• **TASK TO CARRY OUT**
Nothing in the records should be altered; retype them all exactly.

• **RECORDS SUPPLIED**
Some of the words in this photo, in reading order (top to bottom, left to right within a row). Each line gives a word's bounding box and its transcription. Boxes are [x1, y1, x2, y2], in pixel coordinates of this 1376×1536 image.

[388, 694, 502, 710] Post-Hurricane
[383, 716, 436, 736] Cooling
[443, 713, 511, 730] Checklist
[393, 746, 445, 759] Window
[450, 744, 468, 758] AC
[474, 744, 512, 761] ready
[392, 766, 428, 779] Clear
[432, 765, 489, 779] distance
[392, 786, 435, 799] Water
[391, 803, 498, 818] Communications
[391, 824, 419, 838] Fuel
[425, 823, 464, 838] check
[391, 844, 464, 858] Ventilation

• **TASK OUTPUT**
Some of the words in this photo, in reading order (top to bottom, left to right within a row). Each line gives a word's bounding box and its transcription. Boxes are [x1, y1, x2, y2], in pixel coordinates of this 1376×1536 image.

[388, 694, 502, 710] Post-Hurricane
[383, 716, 436, 736] Cooling
[443, 713, 511, 730] Checklist
[393, 746, 445, 759] Window
[450, 744, 468, 758] AC
[474, 744, 512, 761] ready
[392, 766, 428, 779] Clear
[432, 765, 489, 779] distance
[392, 786, 435, 799] Water
[391, 803, 498, 818] Communications
[391, 824, 419, 838] Fuel
[425, 823, 464, 838] check
[391, 844, 464, 858] Ventilation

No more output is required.